# HDTivo Performance - night and day



## abloch (Apr 26, 2004)

My HR10-250, which was one of the first ones produced, was performing miserably, for instance taking up to 10 minutes just to set up a recording and sometimes saying "Please Wait" for 15 or more minutes. From other threads on this forum I had come to attribute this to lousy programming upgrades.

When my unit finally died, freezing up whenever I played a high-def program, D* replaced it for me for free, even though it was way out of warranty. (Don't ask me why. I'd bought it retail in March, 2004)

The new one is infinitely better. It takes only a couple of seconds to program a recording -- regardless of whether I'm tuned to HD stations -- and only a minute or so to set up a season pass. I still get an occasional video and/or audio glitch when playing an HD program, but the wait times have disappeared. 

I think that the wait times creep up so gradually that we forget how well the unit functions out of the box.

I wonder whether an occasional Clear and Delete Everything -- hassle that it is -- would return a slow unit to its pristine state.


----------



## bidger (Mar 30, 2001)

abloch said:


> I wonder whether an occasional Clear and Delete Everything -- hassle that it is -- would return a slow unit to its pristine state.
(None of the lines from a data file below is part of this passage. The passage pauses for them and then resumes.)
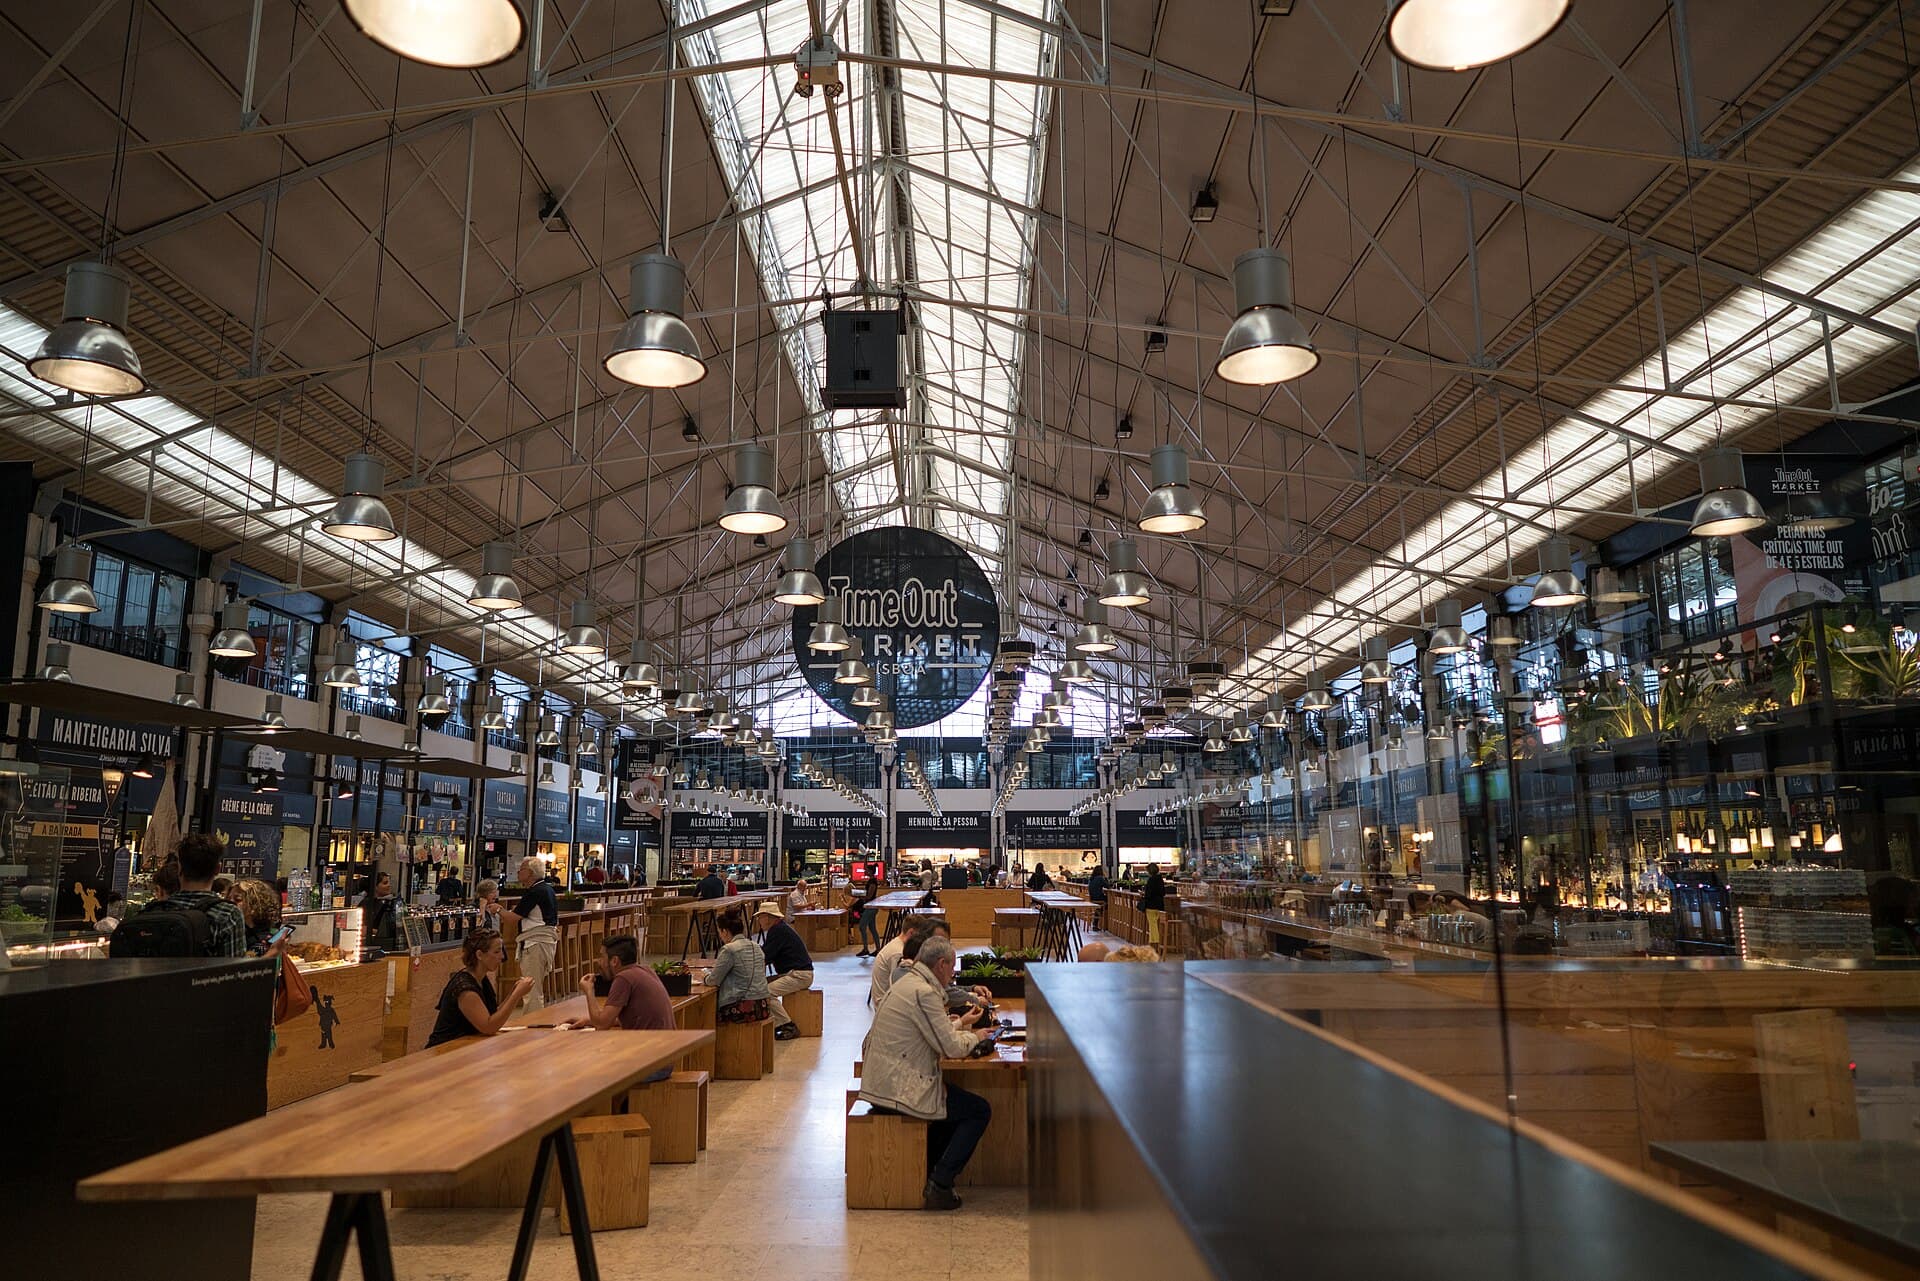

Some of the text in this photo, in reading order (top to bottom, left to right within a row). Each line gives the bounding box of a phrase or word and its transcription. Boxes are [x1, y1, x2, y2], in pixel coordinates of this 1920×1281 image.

[1772, 483, 1820, 491] MARKET
[1807, 525, 1826, 539] NAS
[1762, 538, 1844, 554] CRÍTICAS TIME OUT
[1766, 555, 1778, 569] DE
[1779, 555, 1786, 569] 4
[1787, 555, 1793, 569] E
[1802, 555, 1845, 569] ESTRELAS
[902, 577, 958, 628] Out
[810, 634, 982, 656] RKET
[52, 718, 171, 757] MANTEIGARIA SILVA
[29, 780, 57, 799] EITÃO
[71, 785, 102, 803] RIBEIRA
[240, 800, 248, 813] DE
[248, 801, 255, 814] LA
[690, 817, 749, 827] ALEXANDRE SILVA
[792, 817, 817, 827] MIGUEL
[851, 817, 871, 827] SILVA
[908, 817, 941, 827] HENRIQUE
[953, 817, 978, 826] PESSOA
[1026, 816, 1081, 826] MARLENE VIEIRA
[1138, 816, 1163, 825] MIGUEL
IMO. that shouldn't be necessary. I have 6.2 of my SD-DVR80 and it does everything at a reasonable speed. Shouldn't the high end device have the same speed that the lower end device has?


----------



## zalusky (Apr 5, 2002)

I have noticed that cleaning out wish lists and old season passes makes a big difference.
Keeping my season pass list down to say 7 or less and of course it depends on how many instances is it a daily show vs a weekly show.
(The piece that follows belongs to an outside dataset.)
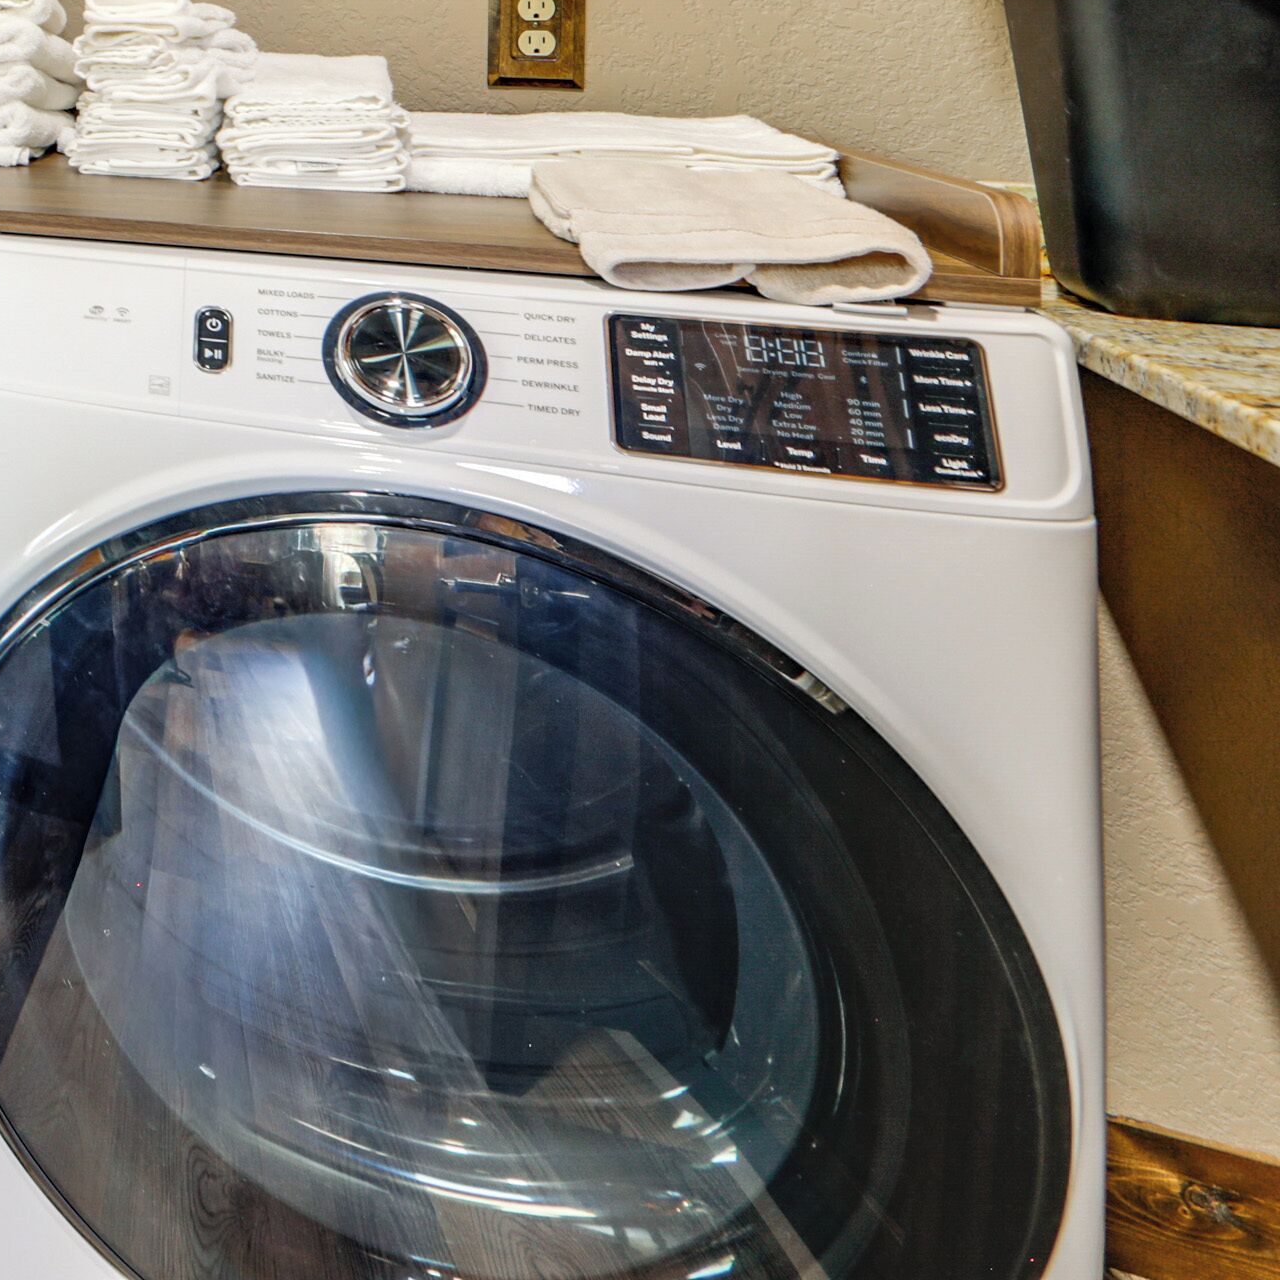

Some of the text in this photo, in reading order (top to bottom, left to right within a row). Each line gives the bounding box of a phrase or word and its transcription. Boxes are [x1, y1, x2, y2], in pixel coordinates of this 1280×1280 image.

6.2 probably just did a better job


----------



## BrianCT (Nov 1, 2003)

I bought my unit back in July of 2004, and added another hard drive a few months after. I did a Clear and Delete the other night, and when it all came back up, I thought I had a new unit! I was amazed that it took about 5 seconds to simply record something. This took 3-5 minutes before, and a season pass 10-12 minutes! I hesitated doing the C&D, but I am glad I did!


----------



## patg25 (Nov 25, 2004)

I have had my Tivo for about a year now. Same as everyone else, setting up a recording or season bass took a few minutes. What was worse, however, was the constant stuttering. Almost every show I recorded was affected. I did not have many shows on the unit, only about 15 hours of HD worth.

I figured my Hard Drive was shot. I did a Clear and Delete, figuring it will take a long time to complete. Didn't really have much hope for it, but thought I give it a shot before replacing the Hard drive. After about 2 hours the Clear and Delete was done, I set up the unit again, and now it runs great. No more stuttering and fast operation.
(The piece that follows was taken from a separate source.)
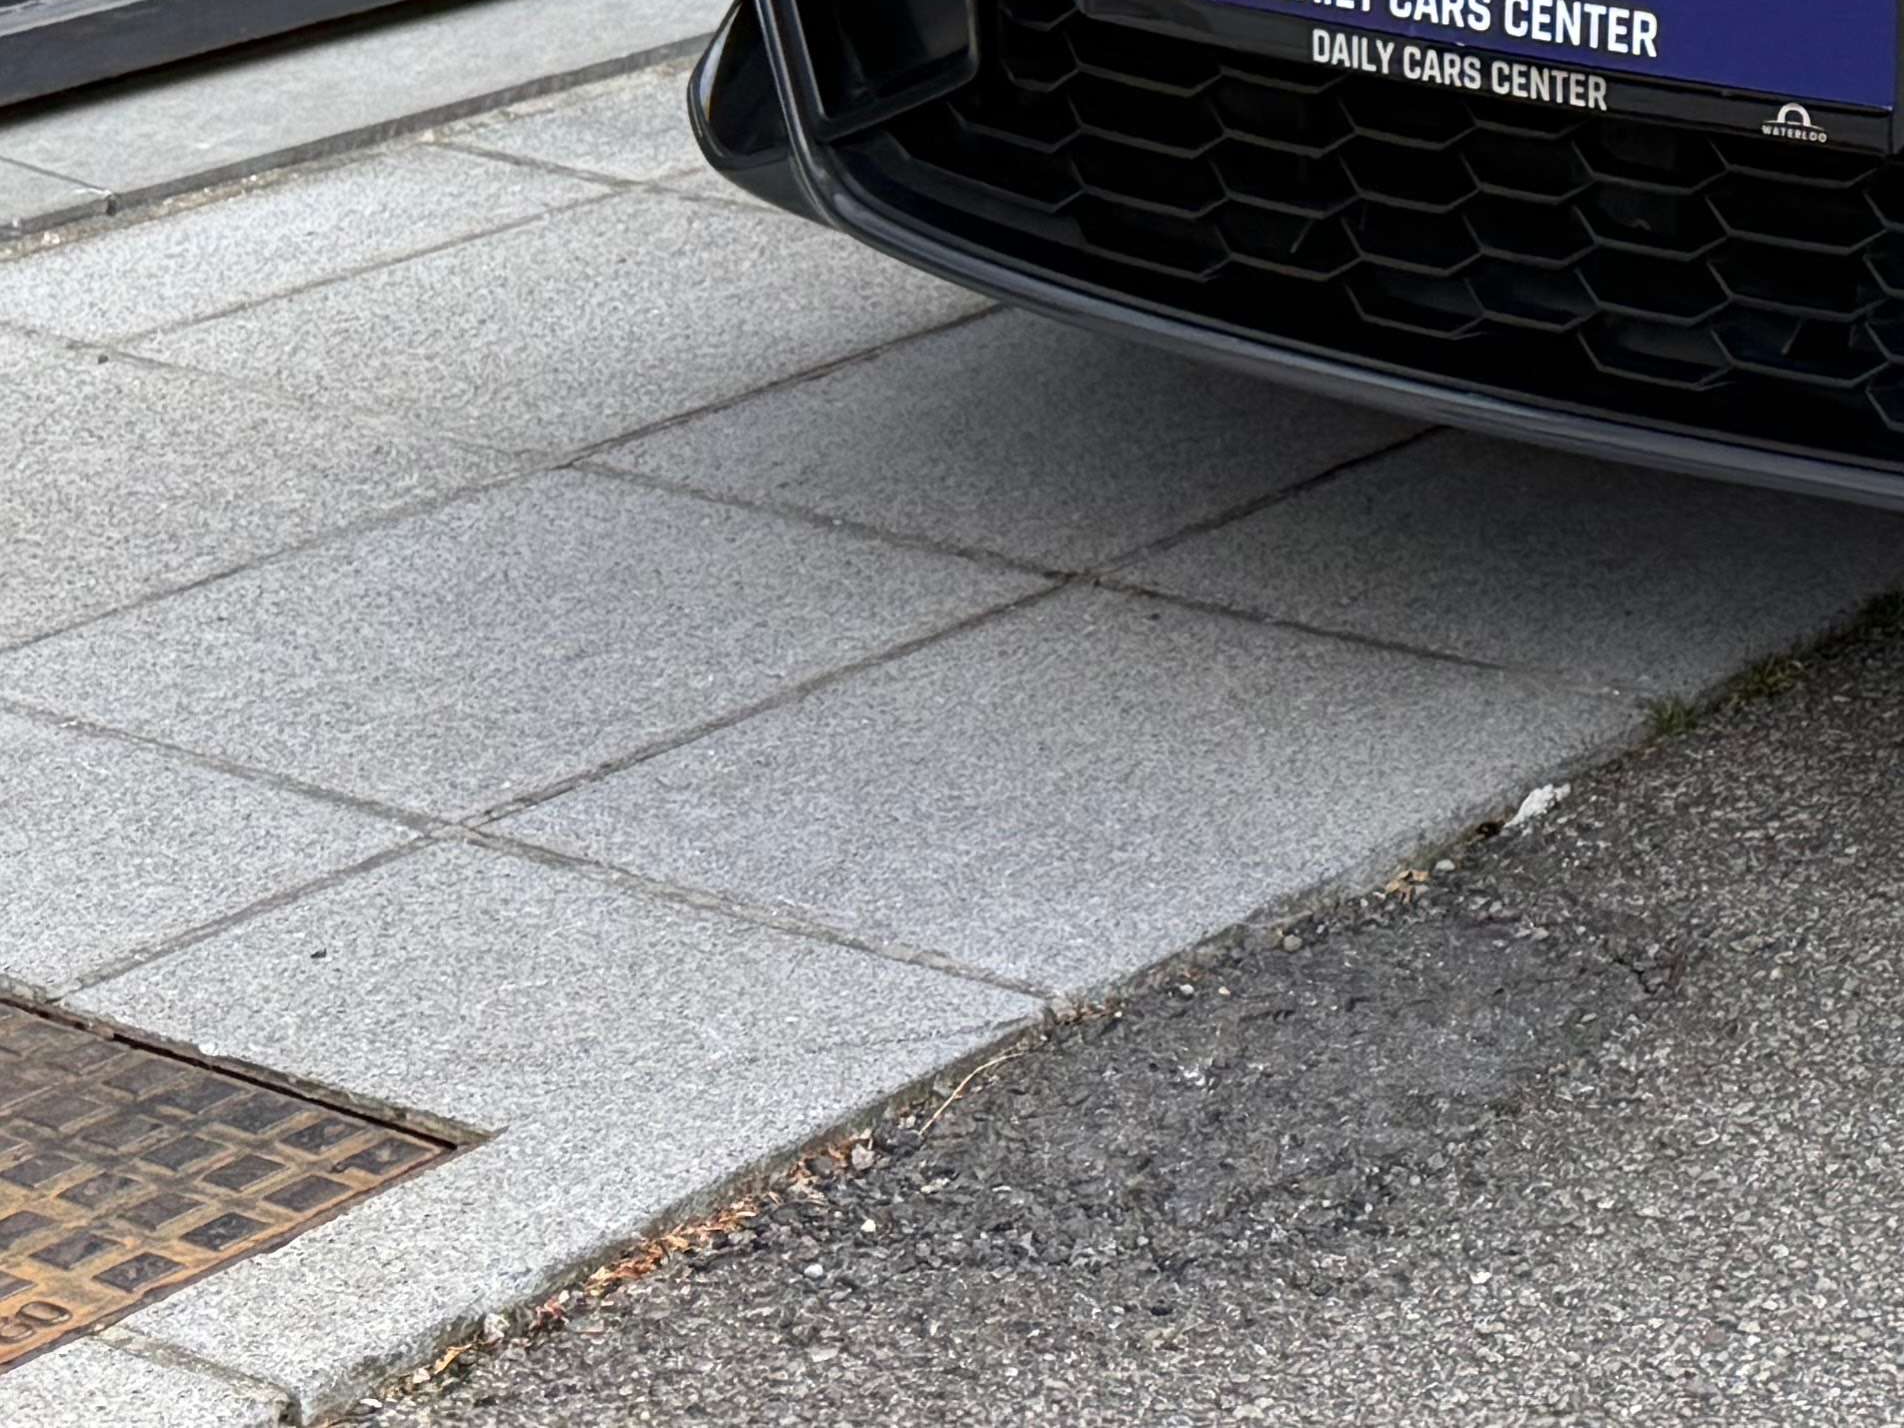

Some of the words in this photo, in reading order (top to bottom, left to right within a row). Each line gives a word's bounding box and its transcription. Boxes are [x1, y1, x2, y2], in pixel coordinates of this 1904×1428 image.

[1312, 28, 1396, 75] DAILY
[1403, 44, 1482, 90] CARS
[1491, 59, 1608, 112] CENTER
[1761, 124, 1828, 143] WATERLOO
The Clear and Delete wasn't really that bad. I might just do it every 6 months to keep the unit in better shape.


----------



## jb007 (Mar 17, 2001)

Do you lose your station logos when you do a clear and delete eveything?


----------



## abloch (Apr 26, 2004)

I've also noticed that the new maching starts all the recordings on time. The old one was starting every recording one to three minutes late.


----------



## BrianCT (Nov 1, 2003)

Yes, you will lose your channel logo's....part of the reason I waited so long was I knew I would lose them. The gains are far better having a faster unit, than a slow one with logos IMHO.


----------



## skofarrell (Sep 19, 2002)

Be careful. If you're on the verge of losing a hard drive the C&D will basically run fovever, redering the unit inoperable (until you replace the disk). The C&D does not handle bad sectors on the disk _at all_.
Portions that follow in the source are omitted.